II. Une approche finaliste garantissant la neutralité douanière
A. La primauté de la valeur économique réelle des biens
L’objectif du droit de l’Union est d’établir un système équitable et neutre, excluant l’utilisation de valeurs en douane arbitraires ou totalement fictives lors des contrôles. La valeur déclarée doit refléter la valeur économique réelle d’une marchandise en tenant compte de tous les éléments présentant un intérêt financier lors de l’importation. La Cour rappelle que la méthode de la valeur transactionnelle est supposée être la plus adaptée et doit donc être privilégiée par les administrations nationales. Intégrer le coût de l’exclusivité territoriale permet ainsi de saisir l’intégralité de la charge financière supportée par l’acheteur pour acquérir les produits dans ces conditions. Cette lecture extensive des composants du prix garantit que deux marchandises identiques soient taxées sur une base comparable, indépendamment des montages contractuels retenus. Le juge européen confirme ainsi sa volonté de privilégier la substance économique des accords sur leur seule qualification formelle ou comptable par les parties.
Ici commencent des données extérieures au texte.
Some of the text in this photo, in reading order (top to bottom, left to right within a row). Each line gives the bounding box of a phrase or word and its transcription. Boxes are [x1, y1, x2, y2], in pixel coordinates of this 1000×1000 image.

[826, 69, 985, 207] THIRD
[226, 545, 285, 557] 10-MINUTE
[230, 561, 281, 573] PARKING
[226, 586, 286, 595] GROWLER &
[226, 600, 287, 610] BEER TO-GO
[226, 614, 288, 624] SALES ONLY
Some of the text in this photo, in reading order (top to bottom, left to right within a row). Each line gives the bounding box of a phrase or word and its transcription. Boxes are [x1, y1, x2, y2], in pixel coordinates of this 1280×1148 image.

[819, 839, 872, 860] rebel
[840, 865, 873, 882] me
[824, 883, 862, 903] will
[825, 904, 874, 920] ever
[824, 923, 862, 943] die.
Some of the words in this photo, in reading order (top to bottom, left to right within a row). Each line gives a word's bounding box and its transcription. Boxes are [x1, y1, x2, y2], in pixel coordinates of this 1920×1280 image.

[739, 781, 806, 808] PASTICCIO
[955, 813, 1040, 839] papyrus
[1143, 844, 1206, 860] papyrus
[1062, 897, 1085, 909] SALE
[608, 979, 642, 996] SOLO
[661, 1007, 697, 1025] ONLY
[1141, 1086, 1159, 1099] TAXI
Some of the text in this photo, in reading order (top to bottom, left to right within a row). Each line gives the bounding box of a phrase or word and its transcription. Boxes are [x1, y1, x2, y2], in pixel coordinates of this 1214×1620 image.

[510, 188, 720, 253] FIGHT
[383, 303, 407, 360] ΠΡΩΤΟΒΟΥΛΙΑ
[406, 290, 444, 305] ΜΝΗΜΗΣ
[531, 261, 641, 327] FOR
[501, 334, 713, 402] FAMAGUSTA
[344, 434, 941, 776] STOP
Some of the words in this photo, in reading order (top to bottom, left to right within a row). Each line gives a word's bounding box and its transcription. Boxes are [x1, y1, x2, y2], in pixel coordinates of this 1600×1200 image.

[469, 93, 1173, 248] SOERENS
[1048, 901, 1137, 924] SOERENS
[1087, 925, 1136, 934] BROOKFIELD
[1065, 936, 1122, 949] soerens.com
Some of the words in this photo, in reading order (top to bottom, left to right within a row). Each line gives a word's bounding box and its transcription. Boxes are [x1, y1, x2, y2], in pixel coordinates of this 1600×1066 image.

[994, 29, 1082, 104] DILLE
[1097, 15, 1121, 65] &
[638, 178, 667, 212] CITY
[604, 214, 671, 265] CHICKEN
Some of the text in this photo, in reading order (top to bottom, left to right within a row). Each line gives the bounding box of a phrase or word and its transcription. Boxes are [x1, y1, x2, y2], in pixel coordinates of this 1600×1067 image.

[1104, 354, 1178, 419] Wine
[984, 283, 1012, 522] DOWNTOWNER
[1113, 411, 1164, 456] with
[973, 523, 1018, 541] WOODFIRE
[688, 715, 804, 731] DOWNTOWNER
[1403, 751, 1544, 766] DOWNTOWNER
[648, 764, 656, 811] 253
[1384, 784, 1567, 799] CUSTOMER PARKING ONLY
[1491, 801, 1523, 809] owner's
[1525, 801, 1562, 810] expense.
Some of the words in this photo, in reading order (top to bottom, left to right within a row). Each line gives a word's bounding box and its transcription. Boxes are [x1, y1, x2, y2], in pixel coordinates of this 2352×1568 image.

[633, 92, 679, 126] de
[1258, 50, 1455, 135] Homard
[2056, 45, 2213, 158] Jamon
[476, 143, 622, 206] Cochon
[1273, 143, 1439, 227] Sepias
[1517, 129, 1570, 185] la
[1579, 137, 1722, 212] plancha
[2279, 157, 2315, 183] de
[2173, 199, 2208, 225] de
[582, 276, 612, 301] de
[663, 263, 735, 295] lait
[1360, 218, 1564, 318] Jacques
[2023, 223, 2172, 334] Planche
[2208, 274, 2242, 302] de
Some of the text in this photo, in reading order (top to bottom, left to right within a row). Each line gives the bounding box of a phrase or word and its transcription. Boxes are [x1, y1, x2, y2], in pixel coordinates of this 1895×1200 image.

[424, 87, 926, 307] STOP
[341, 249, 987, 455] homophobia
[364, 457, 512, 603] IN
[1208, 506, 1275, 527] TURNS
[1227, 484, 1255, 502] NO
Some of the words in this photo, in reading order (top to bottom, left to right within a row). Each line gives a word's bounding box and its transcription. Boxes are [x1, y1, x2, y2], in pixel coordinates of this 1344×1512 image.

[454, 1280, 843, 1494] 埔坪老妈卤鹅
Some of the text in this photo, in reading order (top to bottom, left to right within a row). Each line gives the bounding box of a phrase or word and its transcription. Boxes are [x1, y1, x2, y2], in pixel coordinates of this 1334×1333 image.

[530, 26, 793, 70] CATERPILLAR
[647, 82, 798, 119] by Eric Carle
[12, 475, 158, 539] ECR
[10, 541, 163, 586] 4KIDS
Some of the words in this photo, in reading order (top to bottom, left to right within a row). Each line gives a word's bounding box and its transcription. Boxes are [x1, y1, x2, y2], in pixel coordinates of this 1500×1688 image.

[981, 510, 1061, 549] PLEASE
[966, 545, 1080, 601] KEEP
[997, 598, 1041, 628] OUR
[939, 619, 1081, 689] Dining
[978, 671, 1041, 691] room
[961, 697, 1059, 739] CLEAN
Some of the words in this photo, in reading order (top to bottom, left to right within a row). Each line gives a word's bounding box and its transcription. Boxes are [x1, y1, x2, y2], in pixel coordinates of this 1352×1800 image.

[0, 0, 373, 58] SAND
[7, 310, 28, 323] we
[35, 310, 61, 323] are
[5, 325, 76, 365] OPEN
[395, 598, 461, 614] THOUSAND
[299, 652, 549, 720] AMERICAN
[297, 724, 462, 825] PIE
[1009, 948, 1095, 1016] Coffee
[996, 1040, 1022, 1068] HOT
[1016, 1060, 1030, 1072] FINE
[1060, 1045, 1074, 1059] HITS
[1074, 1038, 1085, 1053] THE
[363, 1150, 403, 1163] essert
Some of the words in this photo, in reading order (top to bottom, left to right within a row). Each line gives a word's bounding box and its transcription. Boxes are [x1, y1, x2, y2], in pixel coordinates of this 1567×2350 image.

B. L’indifférence de la structure formelle des engagements contractuels
La juridiction précise que la circonstance que le paiement soit imposé dans un contrat-cadre global plutôt que dans chaque facture individuelle est dénuée de pertinence. Les conditions fixées dans cet accord général déterminent les modalités impératives auxquelles chaque vente individuelle doit être effectuée tout au long de la relation commerciale. De même, le fait que la compensation ne soit due que pendant une période limitée de quatre années ne modifie pas sa nature de condition de vente. Le litige portait précisément sur la détermination de la valeur des marchandises durant cette phase initiale où le vendeur exigeait contractuellement ce versement complémentaire. En validant l’intégration de ces sommes calculées sur le chiffre d’affaires, la Cour renforce la prévisibilité du droit douanier face aux stratégies d’optimisation fiscale. Cette décision assure une application uniforme du tarif douanier commun en empêchant la fragmentation artificielle du prix de vente entre plusieurs prestations de services connexes.